Thursday, April 28, 2011

Using your circadian rhythm, part 2

On average, americans spend 8.7 hours a day sleeping - more than 28 years of their life! What the heck are we doing with that time? It seems excessive; on the other hand, it is clearly not optional. As far as keeping us alive, sleep is right up there with water, we can only go without for a few days before we risk death. For a long time sleep was thought to be passive, but now it is now known that we pass through 5 stages of sleep. They are called, somewhat unimaginatively, stage 1, 2, 3, 4 and REM (Rapid Eye Movement). Through out the night we pass through the successive stages from 1 to 4 and then back to 1 and then into REM. Then we start over with stage 1. These cycles take about 90 minutes.




A typical, 8 hour, nightly cycle

You may want to notice from the chart a few things. The first thing to notice is that REM sleep and Stage 4 (Deep sleep) are emphasized by color. This is because we think we are starting to understand what these stages do, and that they are important. The second thing to notice is that Stage 4 is more prevalent at the beginning of the night and REM sleep becomes more common latter in the night. The third thing to notice is that we spend a lot of time in Stage 2. As far as I know, no-one has any strong theories about what Stage 2 is for, but I think that eventually someone will discover that it is key to our mental health in some way.
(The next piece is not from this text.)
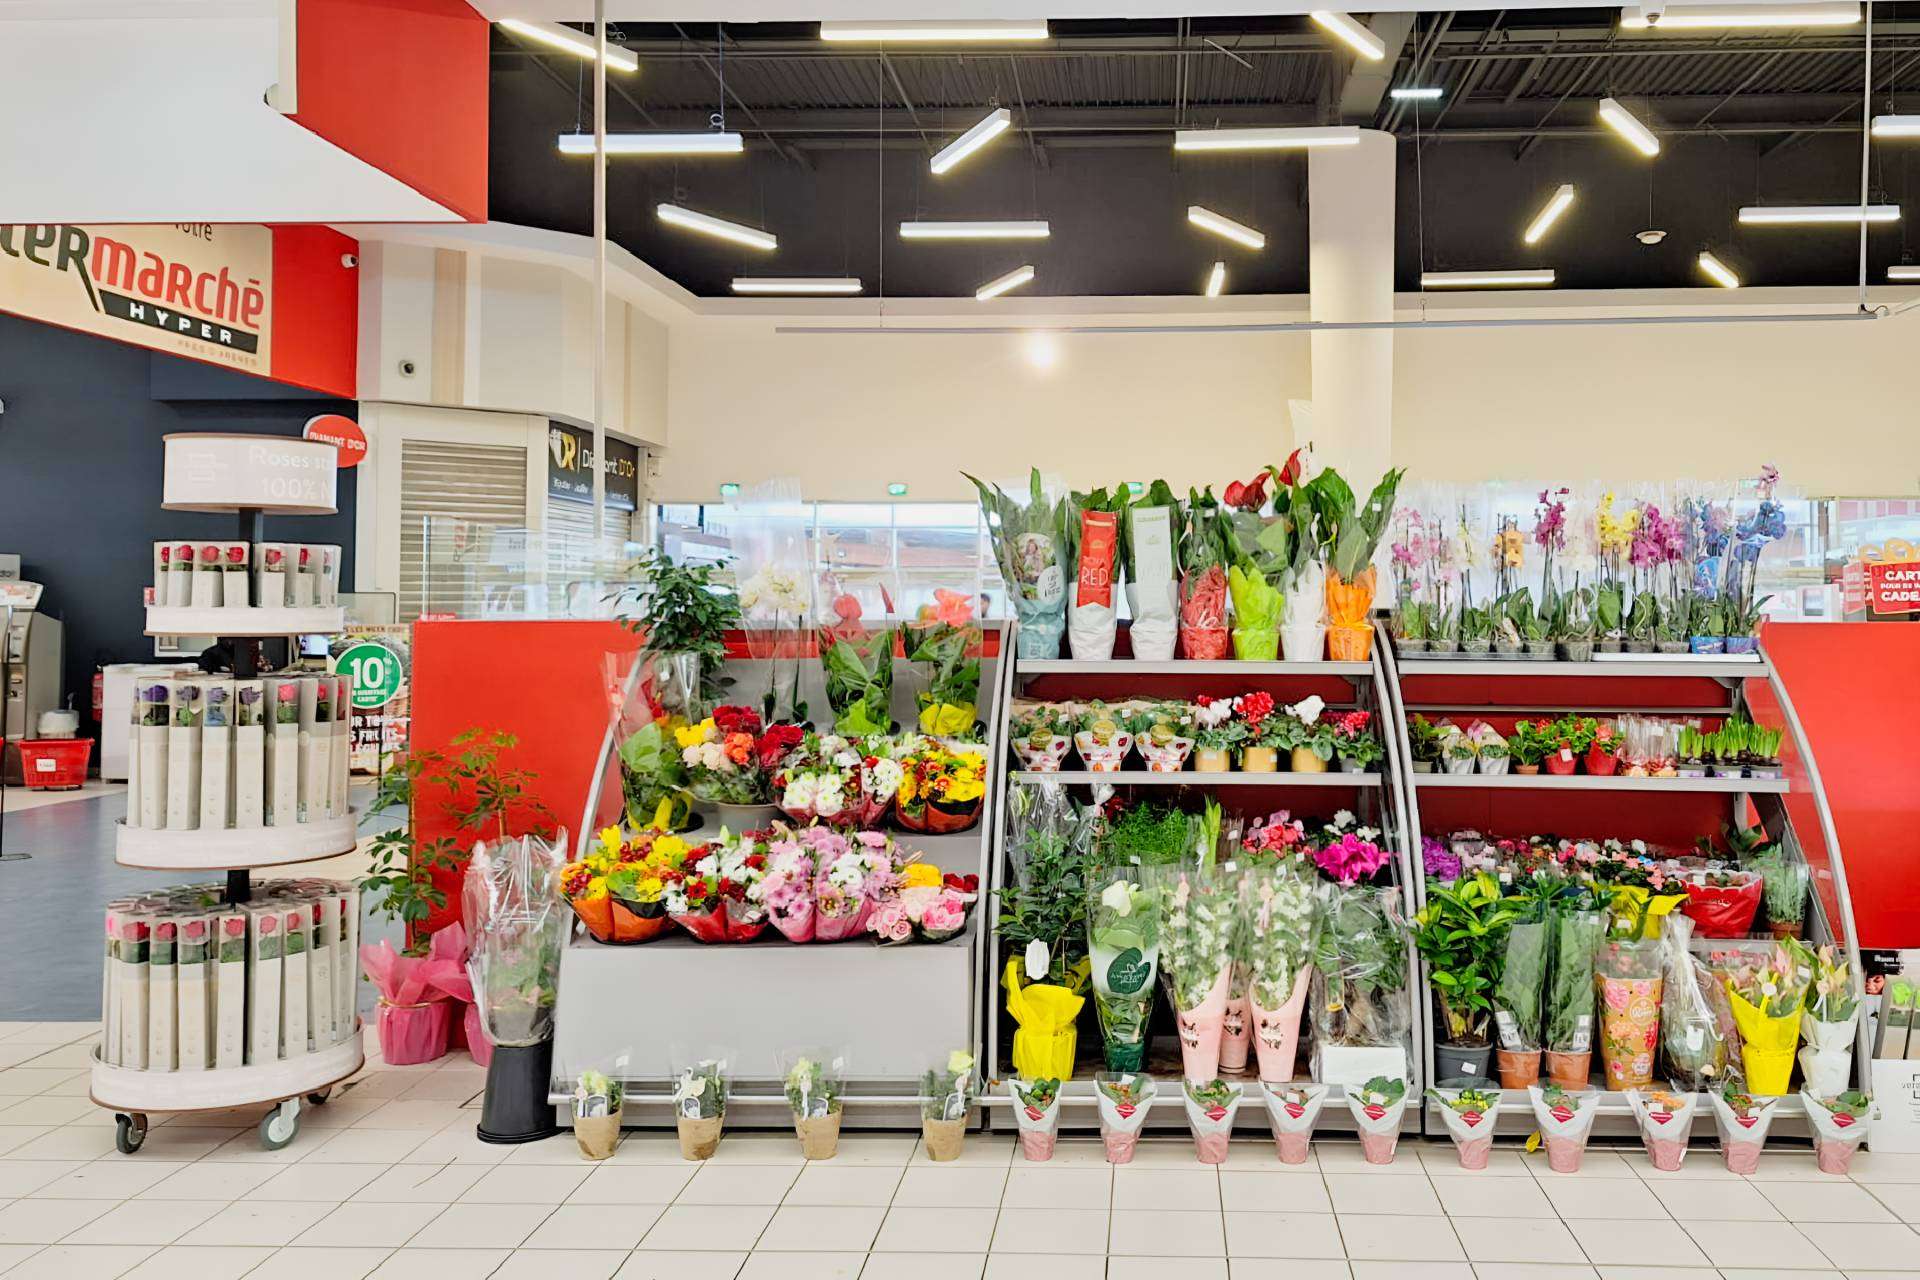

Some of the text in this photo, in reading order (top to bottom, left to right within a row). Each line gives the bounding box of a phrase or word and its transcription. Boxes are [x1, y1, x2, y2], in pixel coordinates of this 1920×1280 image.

[129, 301, 233, 345] HYPER
[249, 444, 310, 469] Roses
[1082, 567, 1109, 586] RED
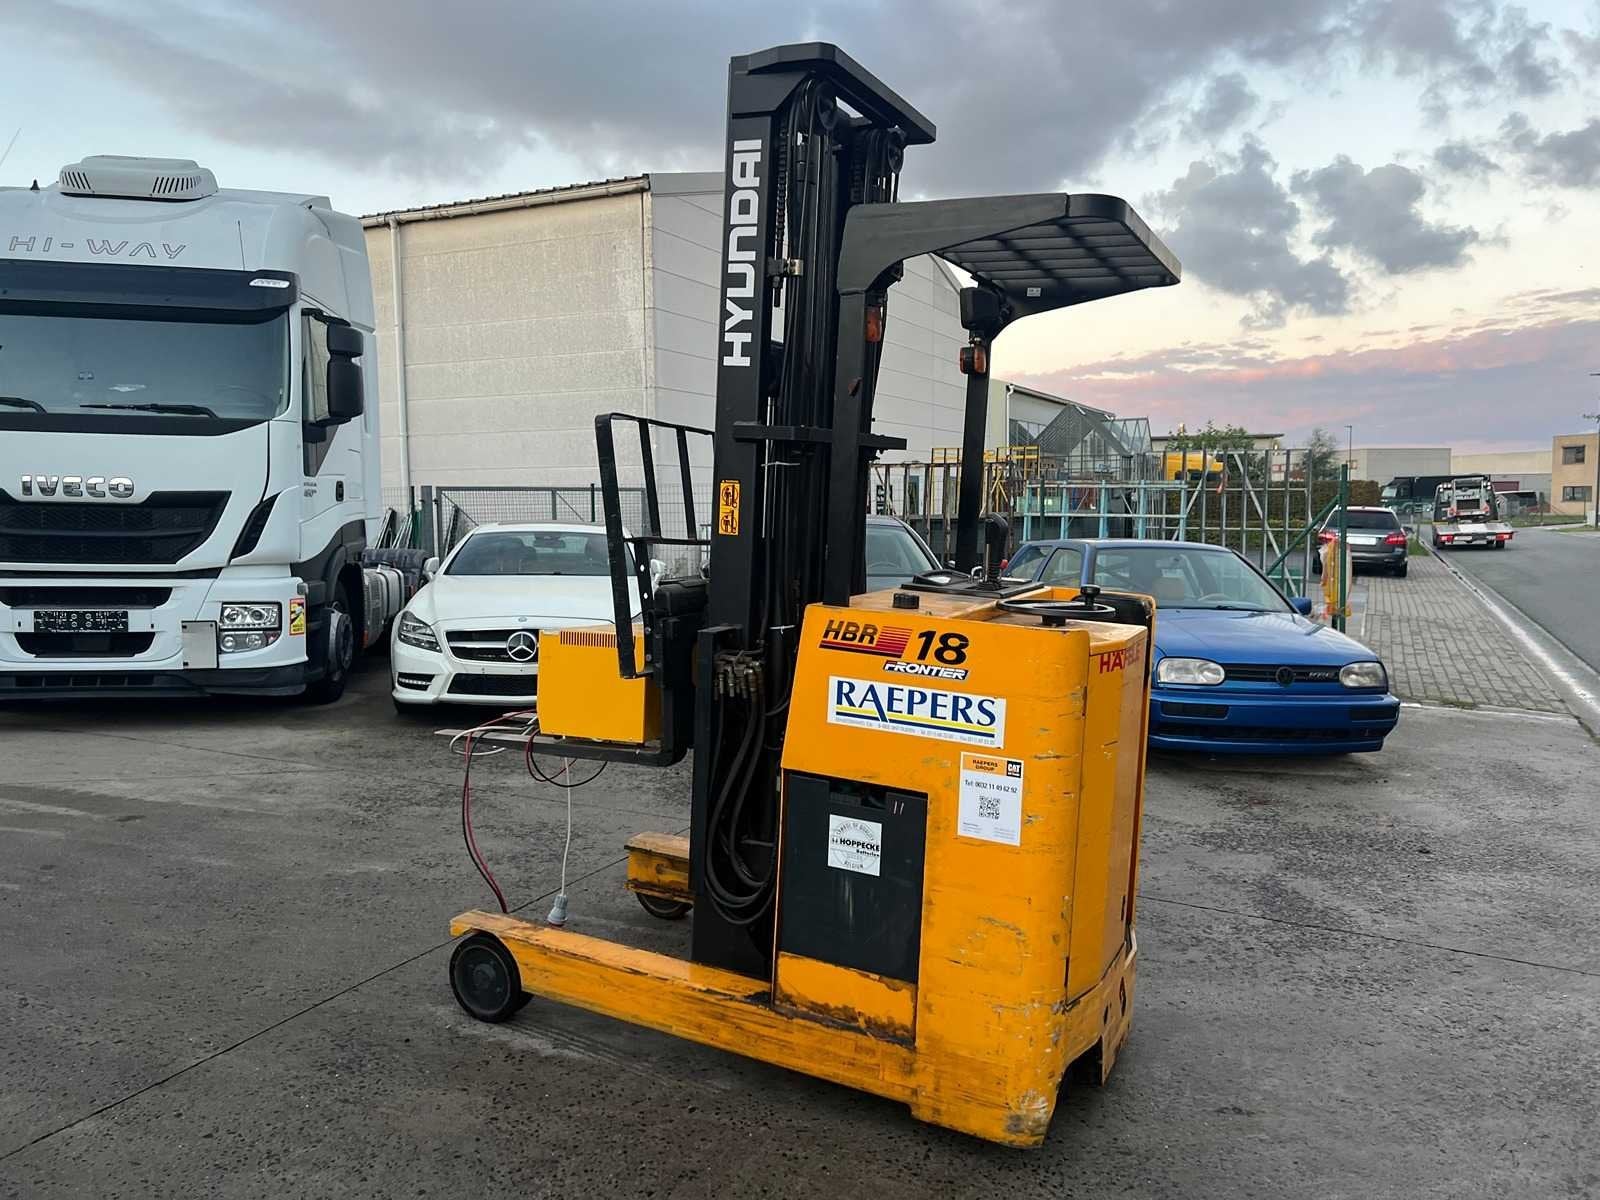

Here is where the circadian rhythm comes in. It turns out that the stages of sleep that we go through are linked to our circadian rhythm - NOT to the length of the sleep. That is to say we do not start the same cycle every time that we go to sleep, but our cycle is determined by WHEN we start our sleep. So by napping in the early part of the night, we get a lot of Stage 4 sleep. A morning nap gives a lot of REM sleep, and a nap in the afternoon consists mostly of Stage 2 sleep.



Correlation between
monophasic sleep cycles and
circadian triphasic

It is interesting to note that the triphasic sleep pattern are similar, but more efficient than the monophasic pattern. There is less time moving through intermediate phases in the triphasic, and no intermediate short waking cycles. The triphasic data is a composite from Zeo sleep data. At some point, I would like to be able to start measuring data directly from my sleep cycle.

So on the triphasic sleep pattern, one gets about equal amounts of REM, Stage 2, and Stage 4 sleep. I think this explains why the triphasic schedule is so easy to change to, and has very little "adaptation" time.